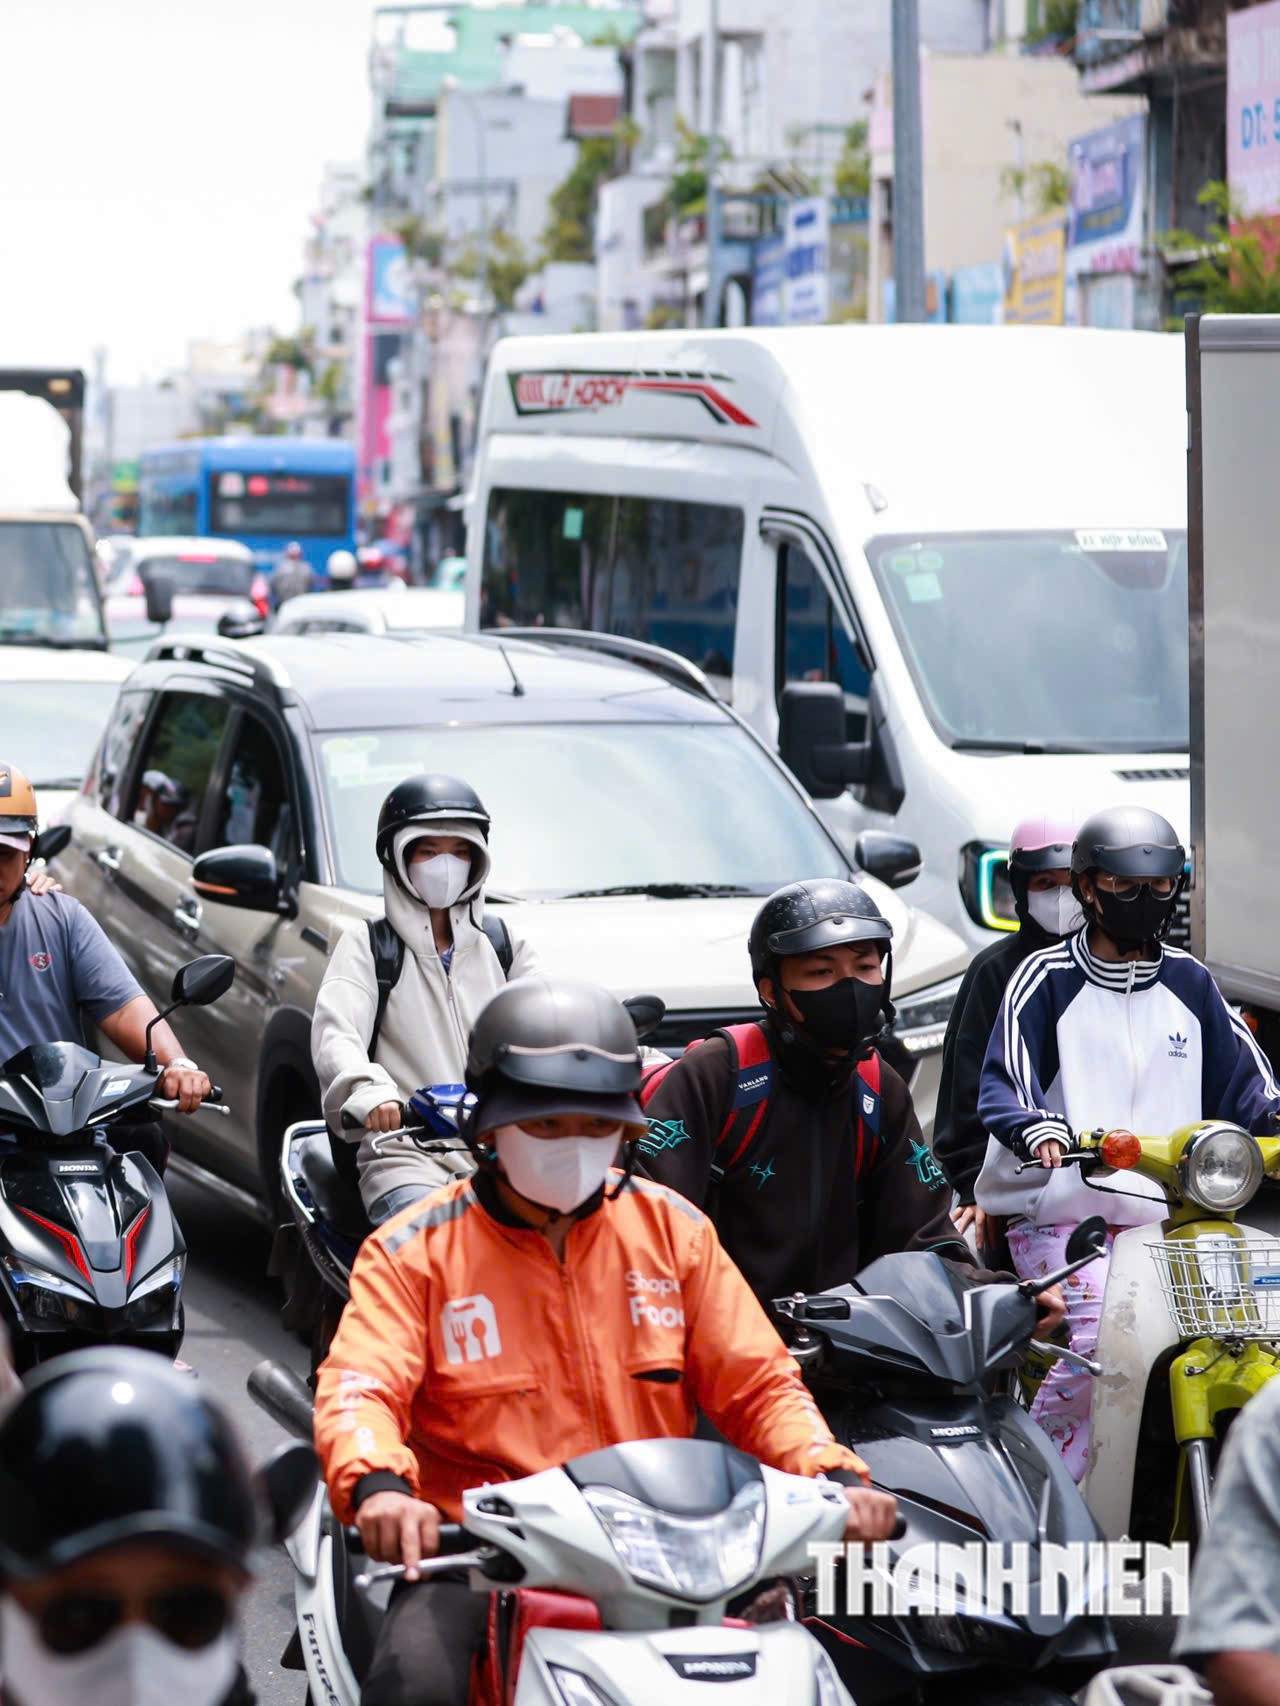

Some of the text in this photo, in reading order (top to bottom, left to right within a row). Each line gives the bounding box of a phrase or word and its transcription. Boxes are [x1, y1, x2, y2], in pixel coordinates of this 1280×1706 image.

[1168, 1050, 1188, 1059] adidas
[738, 1075, 769, 1089] VANLANG
[59, 1164, 99, 1173] HONDA
[929, 1425, 982, 1438] HONDA
[683, 1661, 753, 1675] HONDA

#### Task item:
Omit the pictures and copy the records above exactly.

#### Response area:
Some of the text in this photo, in reading order (top to bottom, left to right within a row). Each line gives the bounding box of a phrase or word and its transcription. Boxes are [x1, y1, x2, y2], in pixel coordinates of this 1280×1706 image.

[1168, 1050, 1188, 1059] adidas
[738, 1075, 769, 1089] VANLANG
[59, 1164, 99, 1173] HONDA
[929, 1425, 982, 1438] HONDA
[683, 1661, 753, 1675] HONDA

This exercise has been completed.